Activation of α7 nAChR by PNU-282987 improves synaptic and cognitive functions through restoring the expression of synaptic-associated proteins and the CaM-CaMKII-CREB signaling pathway.

Ligands of nicotinic acetylcholine receptors (nAChRs) are widely considered as potential therapeutic agents. The present study used primary hippocampus cells and APPswe/PSEN1dE9 double-transgenic mice models to study the possible therapeutic effect and underlying mechanism of the specific activation of α7 nAChR by PNU-282987 in the pathogenesis of Alzheimer's disease.

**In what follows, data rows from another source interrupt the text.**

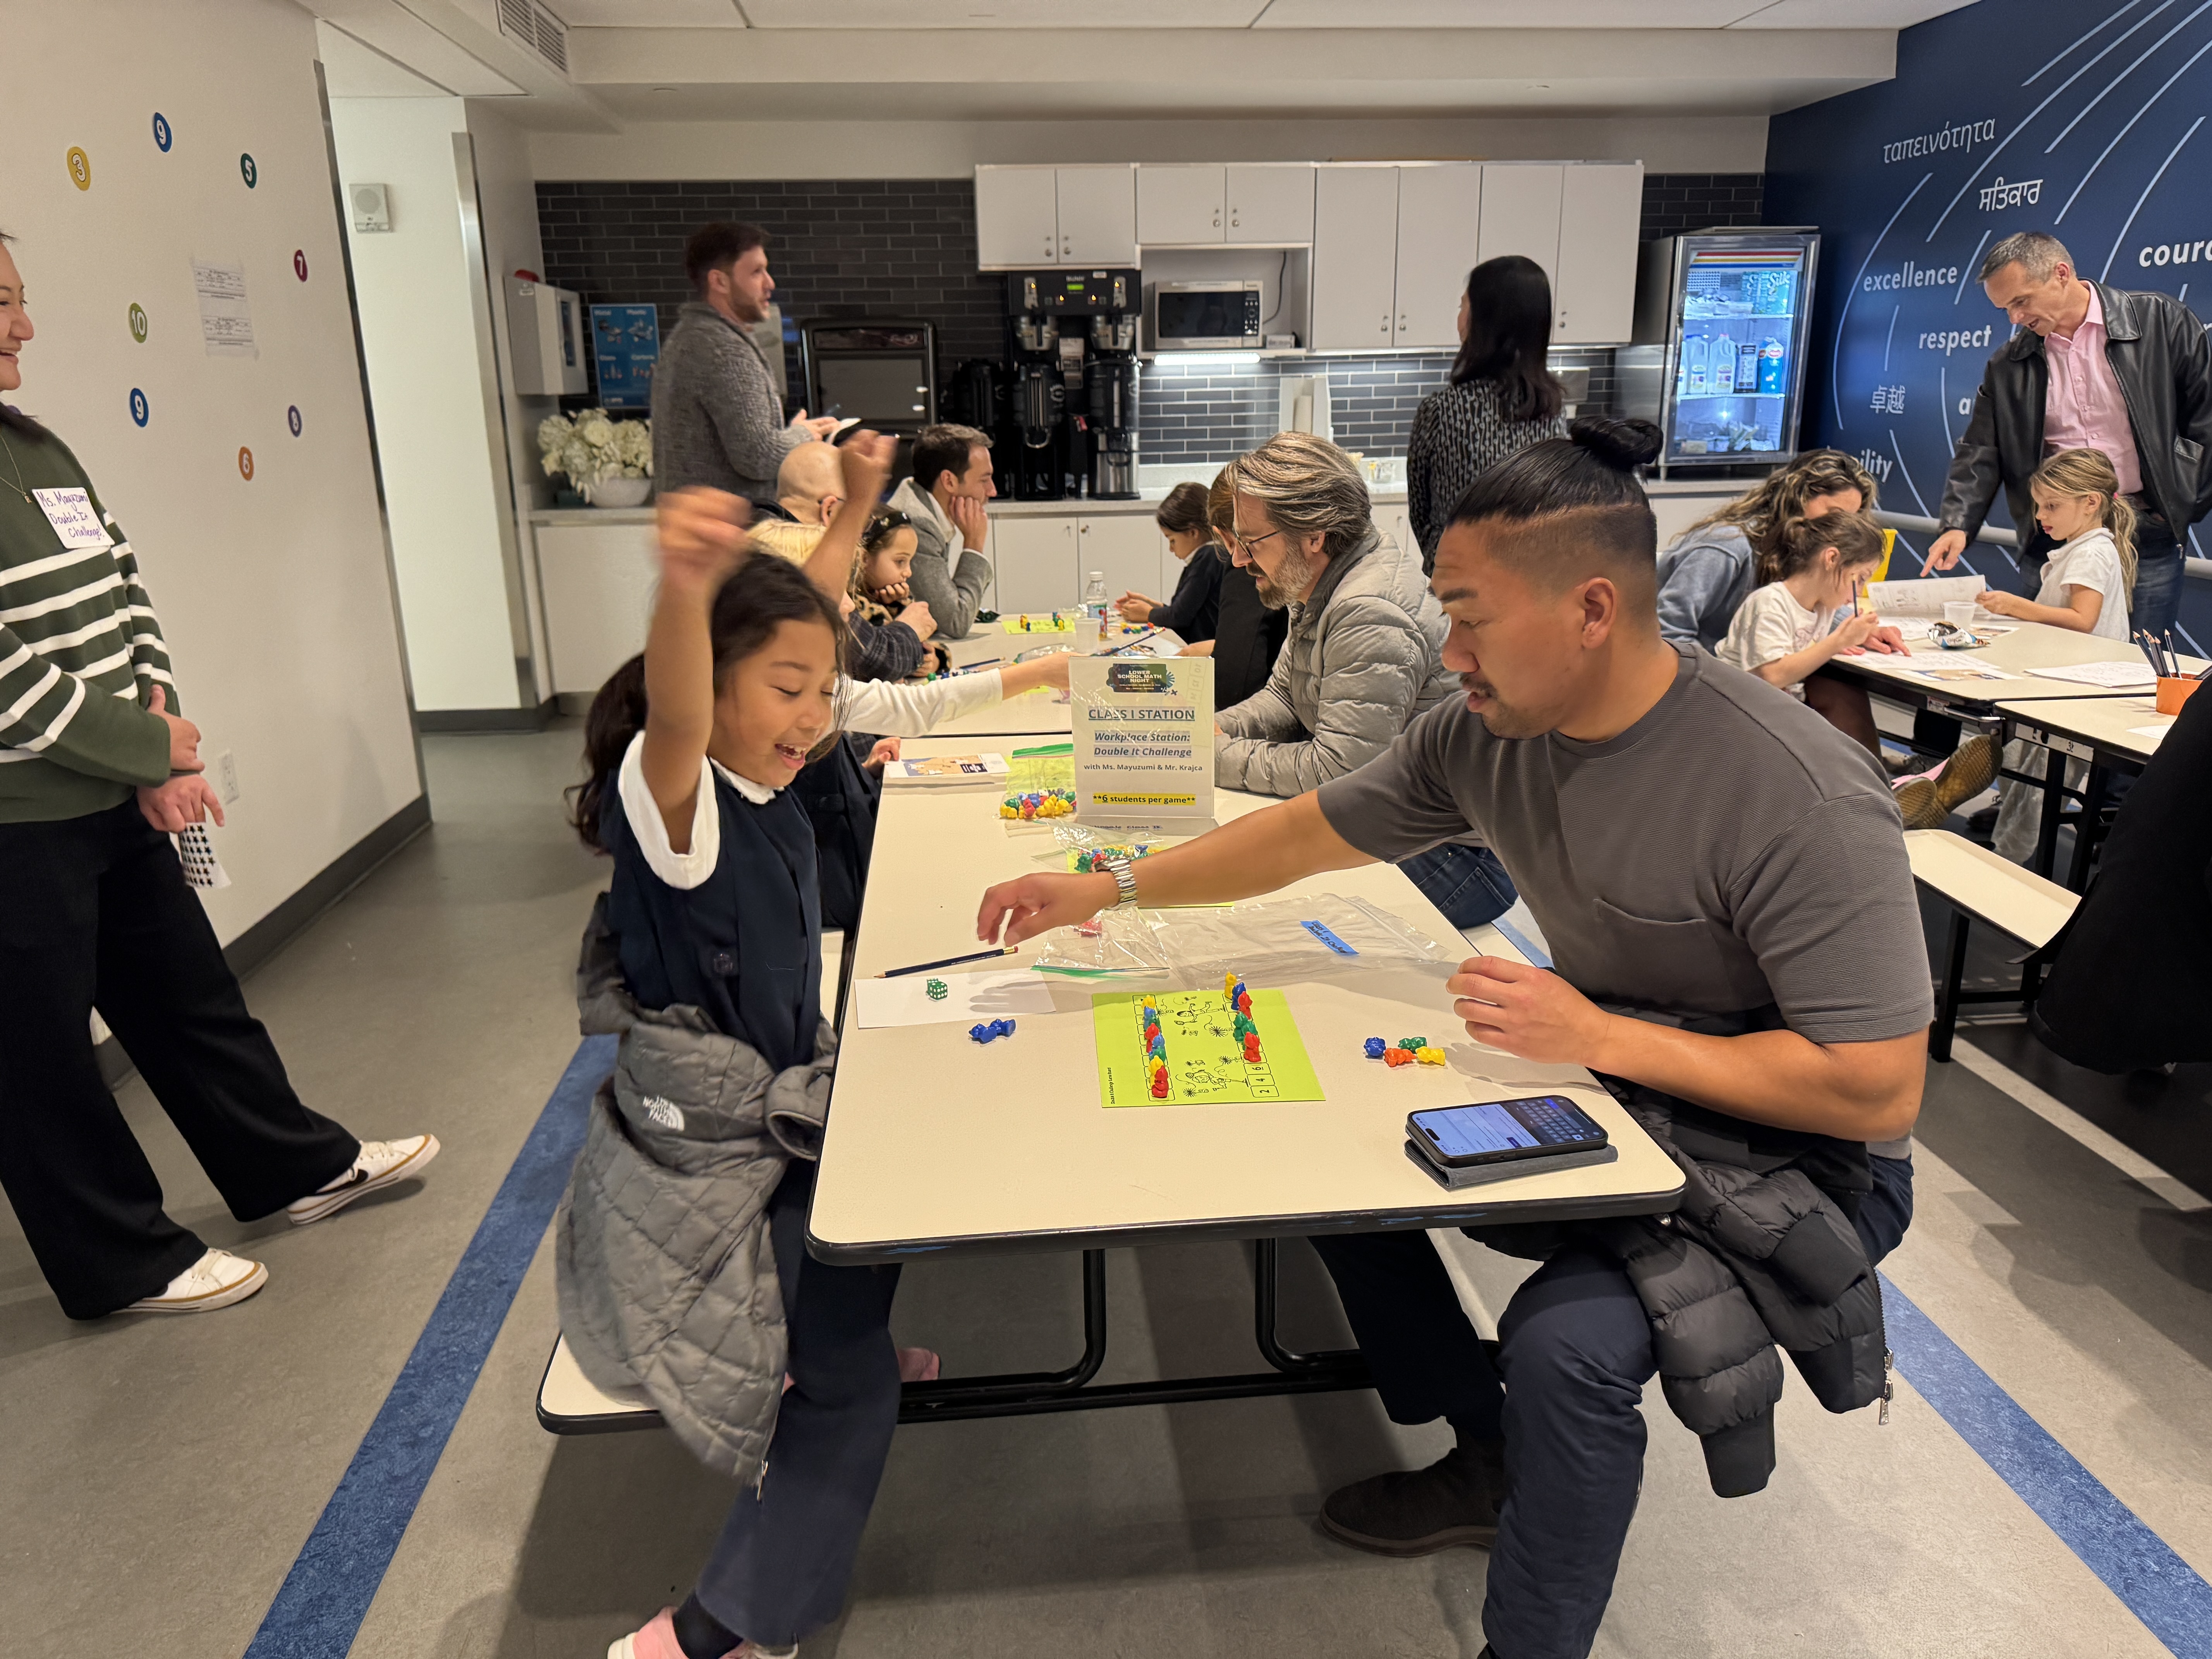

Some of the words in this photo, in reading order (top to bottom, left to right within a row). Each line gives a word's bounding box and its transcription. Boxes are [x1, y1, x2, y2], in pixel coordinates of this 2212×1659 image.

[156, 120, 166, 145] 9
[1883, 118, 1995, 163] ταπεινότητα
[72, 153, 86, 181] 3
[245, 159, 252, 182] 5
[1979, 177, 2043, 211] ਸਤਿਕਾਰ
[297, 256, 303, 276] 7
[1863, 261, 1957, 291] excellence
[1767, 271, 1790, 289] Silk
[132, 310, 146, 336] 10
[1919, 325, 1992, 356] respect
[135, 395, 144, 420] 9
[1870, 384, 1905, 414] 卓越
[291, 411, 299, 432] 8
[242, 453, 249, 474] 6
[36, 491, 56, 507] Ms.
[49, 511, 78, 524] Double
[1089, 709, 1127, 719] CLASS
[1139, 710, 1194, 720] STATION
[1095, 733, 1147, 743] Workplace
[1094, 747, 1128, 756] Double
[1142, 748, 1192, 758] Challenge
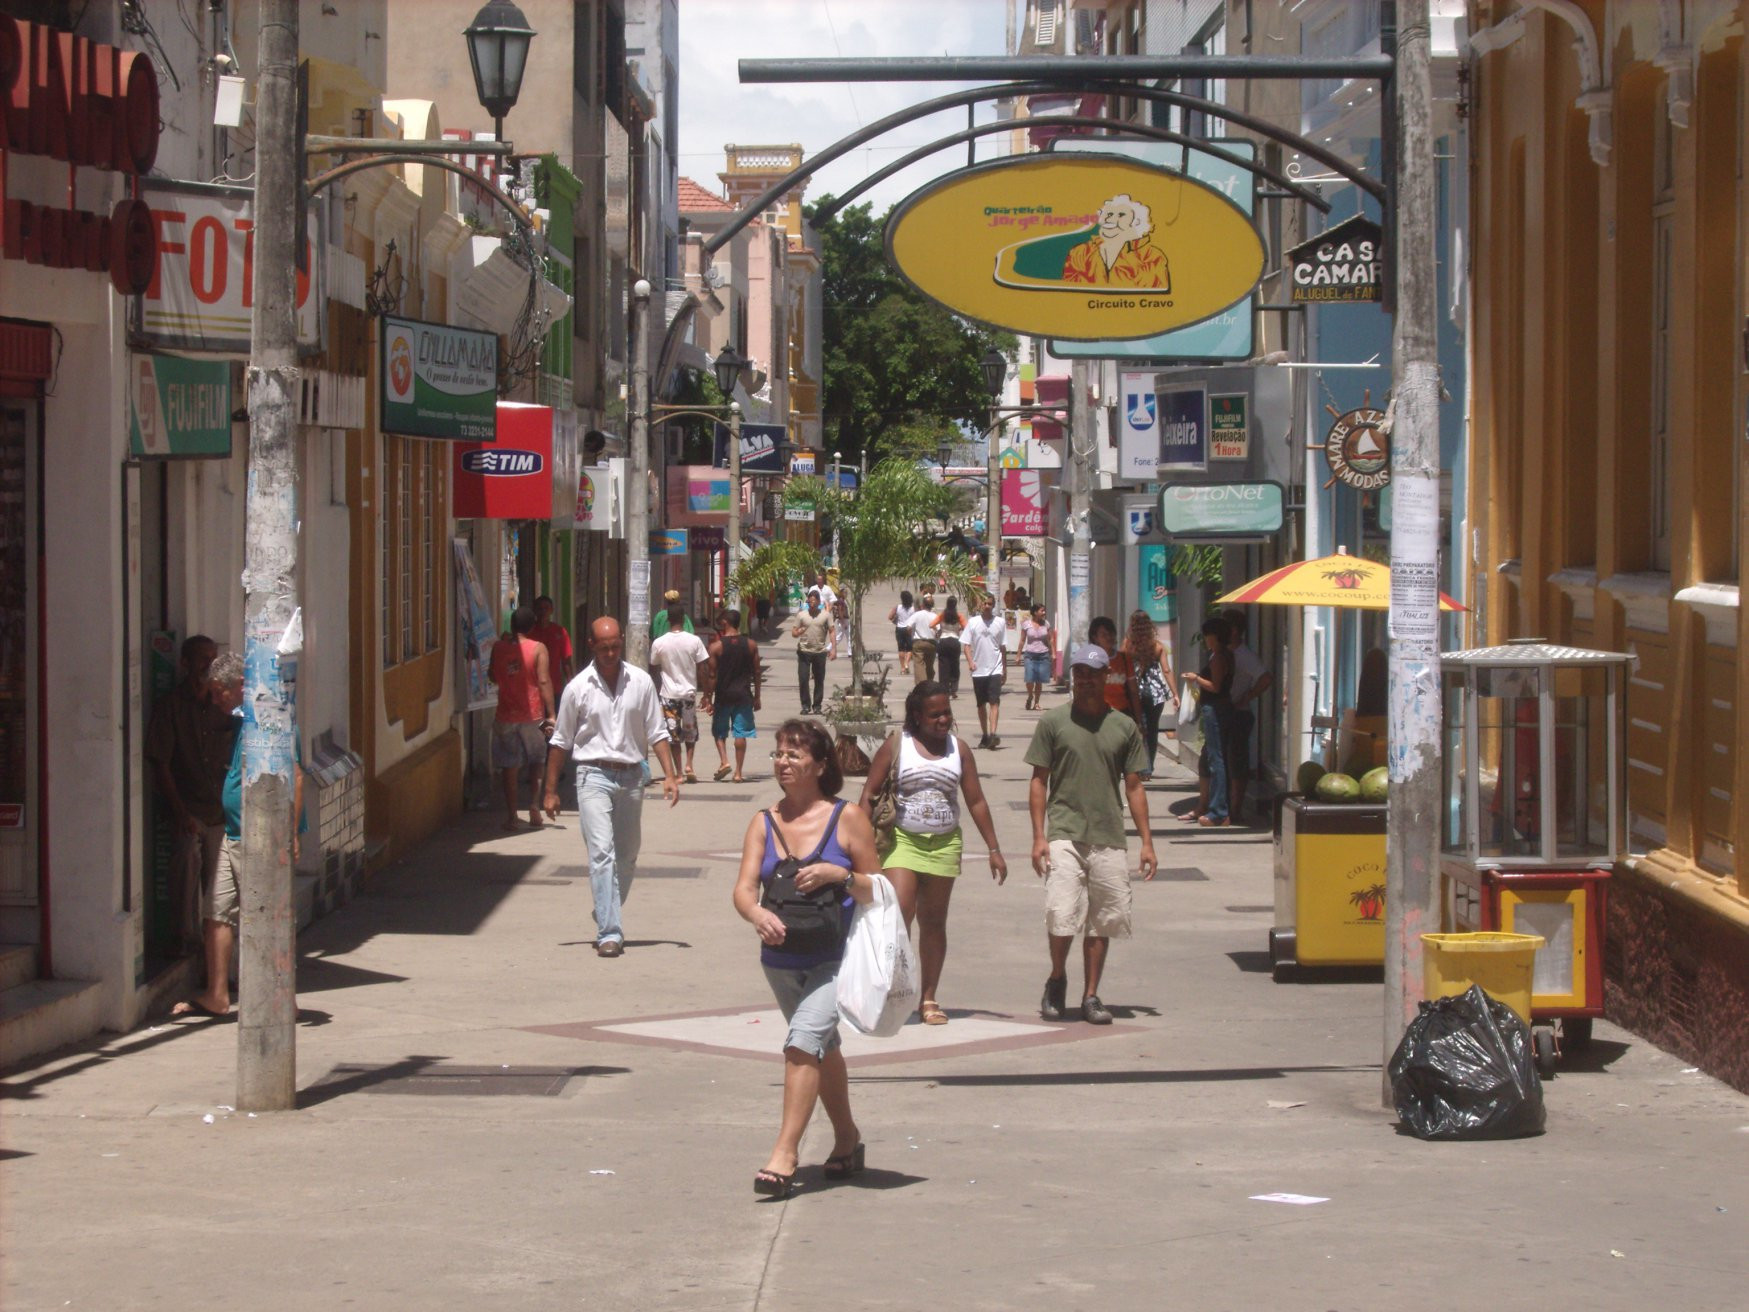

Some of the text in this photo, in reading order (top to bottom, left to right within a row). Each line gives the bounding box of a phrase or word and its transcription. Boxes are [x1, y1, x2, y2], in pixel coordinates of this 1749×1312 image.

[1294, 287, 1341, 300] ALUGUEL
[1087, 298, 1174, 309] Circuito Cravo
[167, 383, 227, 432] FUJIFILM
[1211, 430, 1247, 443] Revelação
[1215, 443, 1242, 456] 1 Hora
[499, 454, 534, 471] TIM
[1134, 457, 1152, 466] Fone:
[1340, 466, 1389, 489] MODAS
[690, 533, 719, 545] vivo

The results indicated that activation of α7 nAChR attenuated the Aβ-induced cell apoptosis, decreased the deposition of Aβ, increased the expression of synaptic-associated proteins, and maintained synaptic morphology. Furthermore, in the APP/PS1_DT mice model, activation of α7 nAChR attenuated Aβ-induced synaptic loss, reduced the deposition of Aβ in the hippocampus, maintained the integral structure of hippocampus-derived synapse, and activated the calmodulin (CaM)-calmodulin-dependent protein kinase II (CaMKII)-cAMP response element-binding protein signaling pathway by upregulation of its key signaling proteins. In addition, activation of α7 nAChR improved the learning and memory abilities of the APP/PS1_DT mice. Collectively, the activation of α7 nAChR by PNU-282987 attenuated the toxic effect of Aβ and , which including reduced deposition of Aβ in the hippocampus, maintained synaptic morphology by partially reversing the expression levels of synaptic-associated proteins, activation of the Ca signaling pathway, and improvement of the cognitive abilities of APP/PS1_DT mice.